Answers to two questions on the DP color function (Q2030743)

Summary: DP-coloring is a generalization of list coloring that was introduced in [J. Comb. Theory, Ser. B 129, 38--54 (2018; Zbl 1379.05034)] by \textit{Z. Dvořák} and \textit{L. Postle}. The chromatic polynomial of a graph is a notion that has been extensively studied since the early 20th century. The chromatic polynomial of graph \(G\) is denoted \(P(G,m)\), and it is equal to the number of proper \(m\)-colorings of \(G\). \textit{H. Kaul} and \textit{J. A. Mudrock} [Adv. Appl.

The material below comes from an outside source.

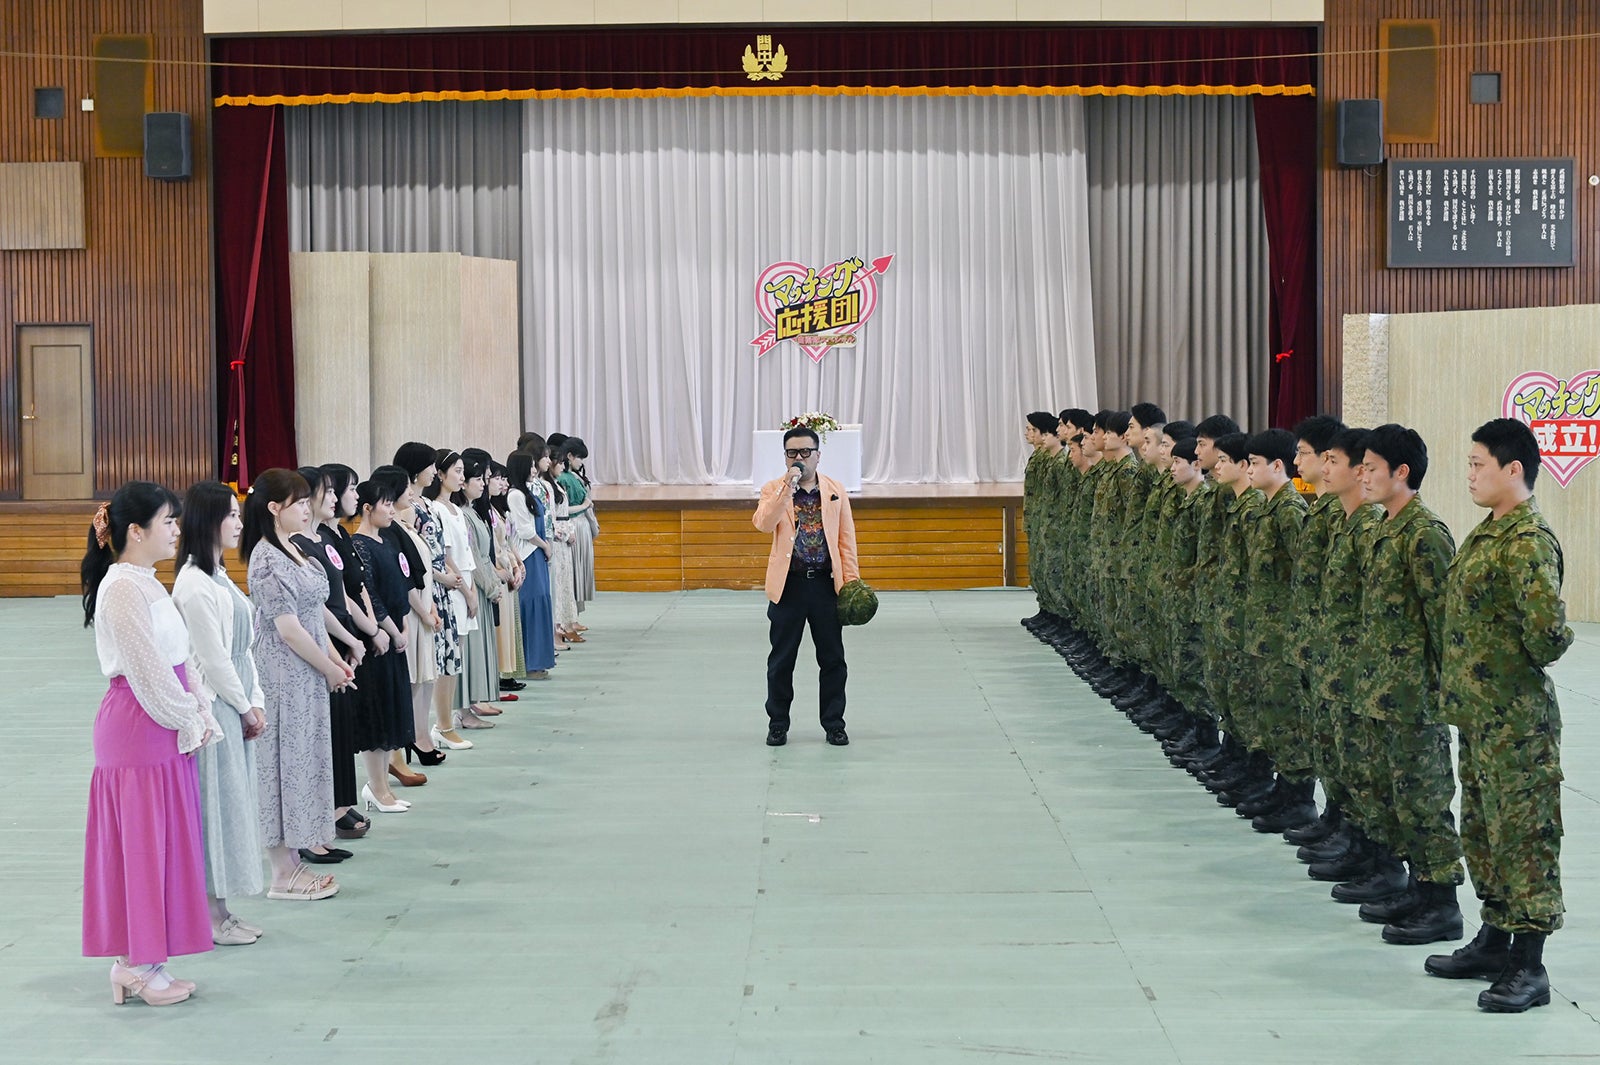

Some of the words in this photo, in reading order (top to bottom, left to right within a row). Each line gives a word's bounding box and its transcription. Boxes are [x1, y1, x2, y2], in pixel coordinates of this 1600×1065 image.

Math. 123, Article ID 102131, 26 p. (2021; Zbl 1479.05109)] introduced an analogue of the chromatic polynomial for DP-coloring; specifically, the DP color function of graph \(G\) is denoted \(P_{DP}(G,m)\). For vertex disjoint graphs \(G\) and \(H\), suppose \(G \vee H\) denotes the join of \(G\) and \(H\). Two fundamental questions posed by Kaul and Mudrock [loc. cit.] are: (1) For any graph \(G\) with \(n\) vertices, is it the case that \(P(G,m)-P_{DP}(G,m) = O(m^{n-3})\) as \(m \rightarrow \infty \)? and (2) For every graph \(G\), does there exist \(p,N \in \mathbb{N}\) such that \(P_{DP}(K_p \vee G, m) = P(K_p \vee G, m)\) whenever \(m \geq N\)? We show that the answer to both these questions is yes. In fact, we show the answer to (2) is yes even if we require \(p=1\).